Tersebab itu, justru Ormas domestik yang kua-historis sudah terbukti yang justru memiliki urgensi untuk berkembang dan dijadikan partner dalam berbangsa dan bernegara. Bukan justru mengecilkan arti dan ruang Ormas domestik, dan sebaliknya membuka keran bagi Ormas asing secara institusional mandiri. Padahal, jika hanya dalam konteks pergaulan internasional untuk interaksi Ormas lintas negara, tidak mesti dengan Ormas asing yang institusional mandiri.
Kua konstitusional, beralasan jika Ormas domestik mengambil peran strategis dan optimal bukan Ormas asing.
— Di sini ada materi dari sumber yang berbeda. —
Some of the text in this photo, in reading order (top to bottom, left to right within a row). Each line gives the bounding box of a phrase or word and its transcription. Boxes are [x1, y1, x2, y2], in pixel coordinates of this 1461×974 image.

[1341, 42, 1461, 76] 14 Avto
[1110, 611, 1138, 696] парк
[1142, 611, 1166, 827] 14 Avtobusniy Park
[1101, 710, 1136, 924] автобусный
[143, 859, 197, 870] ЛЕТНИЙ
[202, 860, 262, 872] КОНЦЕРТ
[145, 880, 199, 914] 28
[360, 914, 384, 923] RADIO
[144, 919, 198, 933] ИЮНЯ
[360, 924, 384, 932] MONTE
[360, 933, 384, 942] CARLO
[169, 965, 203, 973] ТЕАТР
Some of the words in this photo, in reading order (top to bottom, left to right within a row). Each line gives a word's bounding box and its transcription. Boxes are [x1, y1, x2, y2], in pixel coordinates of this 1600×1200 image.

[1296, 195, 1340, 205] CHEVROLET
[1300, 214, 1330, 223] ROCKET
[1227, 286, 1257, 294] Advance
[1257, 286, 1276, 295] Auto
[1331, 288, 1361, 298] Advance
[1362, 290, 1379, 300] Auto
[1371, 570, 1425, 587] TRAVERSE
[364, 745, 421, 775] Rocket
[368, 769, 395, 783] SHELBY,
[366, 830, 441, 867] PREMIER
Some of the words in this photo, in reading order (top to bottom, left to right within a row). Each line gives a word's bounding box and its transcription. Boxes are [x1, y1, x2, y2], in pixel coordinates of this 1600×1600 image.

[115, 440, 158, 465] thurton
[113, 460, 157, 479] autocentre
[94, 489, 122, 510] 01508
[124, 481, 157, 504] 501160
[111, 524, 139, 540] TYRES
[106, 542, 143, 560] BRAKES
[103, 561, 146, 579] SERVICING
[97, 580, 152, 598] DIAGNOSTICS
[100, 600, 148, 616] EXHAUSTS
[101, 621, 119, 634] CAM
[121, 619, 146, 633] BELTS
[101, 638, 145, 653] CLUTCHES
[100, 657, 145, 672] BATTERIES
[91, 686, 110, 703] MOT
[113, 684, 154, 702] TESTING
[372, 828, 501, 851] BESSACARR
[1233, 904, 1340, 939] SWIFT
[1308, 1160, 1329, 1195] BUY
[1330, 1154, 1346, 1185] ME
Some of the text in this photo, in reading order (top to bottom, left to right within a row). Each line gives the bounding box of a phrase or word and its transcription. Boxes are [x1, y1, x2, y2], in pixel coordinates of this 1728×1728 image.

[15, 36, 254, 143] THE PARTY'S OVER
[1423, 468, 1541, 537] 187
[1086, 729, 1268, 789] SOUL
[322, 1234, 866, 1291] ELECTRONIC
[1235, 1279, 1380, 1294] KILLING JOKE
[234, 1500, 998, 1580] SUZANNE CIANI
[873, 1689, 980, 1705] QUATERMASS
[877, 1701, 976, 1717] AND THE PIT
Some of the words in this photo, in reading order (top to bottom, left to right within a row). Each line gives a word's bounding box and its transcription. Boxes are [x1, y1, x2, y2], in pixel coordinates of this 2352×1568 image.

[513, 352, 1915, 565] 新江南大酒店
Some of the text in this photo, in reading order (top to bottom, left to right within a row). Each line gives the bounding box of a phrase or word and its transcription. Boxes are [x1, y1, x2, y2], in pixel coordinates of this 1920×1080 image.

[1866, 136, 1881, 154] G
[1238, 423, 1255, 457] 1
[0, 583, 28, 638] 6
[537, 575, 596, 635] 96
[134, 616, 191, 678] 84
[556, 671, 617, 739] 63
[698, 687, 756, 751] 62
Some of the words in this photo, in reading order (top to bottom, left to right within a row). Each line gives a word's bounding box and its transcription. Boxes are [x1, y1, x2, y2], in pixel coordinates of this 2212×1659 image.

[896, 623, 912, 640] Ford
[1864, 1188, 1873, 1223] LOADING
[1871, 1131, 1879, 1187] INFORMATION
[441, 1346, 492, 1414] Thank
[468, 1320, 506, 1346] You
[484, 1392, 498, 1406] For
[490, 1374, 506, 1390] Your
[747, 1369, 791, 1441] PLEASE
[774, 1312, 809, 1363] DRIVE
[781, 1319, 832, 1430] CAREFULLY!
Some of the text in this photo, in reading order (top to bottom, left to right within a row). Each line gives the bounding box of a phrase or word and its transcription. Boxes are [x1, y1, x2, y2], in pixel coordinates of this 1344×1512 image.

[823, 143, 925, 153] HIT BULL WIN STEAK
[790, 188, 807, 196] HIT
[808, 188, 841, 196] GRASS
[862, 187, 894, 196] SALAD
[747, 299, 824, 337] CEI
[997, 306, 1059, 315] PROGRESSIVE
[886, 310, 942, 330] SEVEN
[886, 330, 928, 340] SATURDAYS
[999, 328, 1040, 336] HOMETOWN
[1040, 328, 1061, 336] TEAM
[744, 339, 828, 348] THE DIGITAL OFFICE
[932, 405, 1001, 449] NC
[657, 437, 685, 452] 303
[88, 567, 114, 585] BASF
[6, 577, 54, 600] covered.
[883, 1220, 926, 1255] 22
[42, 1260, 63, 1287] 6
Kalaupun memberi ruang bagi Ormas asing untuk tujuan kemanusiaan dan solidaritas internasional, justru lebih rasional dan elegan membuat aturan kerjasama program antara Ormas domestik dengan Ormas asing, sehingga terjalin kemitraan antar lembaga. Bukankah watak kemanusiaan yang bersifat universal itu lebih peduli program aksi? Tidak terjebak dengan formalitas kelembagaan?
Karenanya PP Ormas mestinya memuat norma yang membuka sinergi Ormas asing dengan Ormas domestik, bukan membuka keran Ormas asing yang institusional mandiri dalam kelembagaan dan kegiatan. Bukankah dalam era keterbukaan akan lebih nyaman dan indah jika bekerjasama secara sinergis, transparan dan merawat akuntabilitas. Menjadi soal secara politik legislasi nasional, mengapa UU Ormas dan PP Ormas menormakan Ormas asing mendiri dalam kelembagaan dan kegiatan? Selanjutnya mengapa PP Ormas tidak mewajibkan kerjasama Ormas asing dengan Ormas domestik sebagai syarat dalam pengesahannya? Dan masih banyak pertanyaan lain.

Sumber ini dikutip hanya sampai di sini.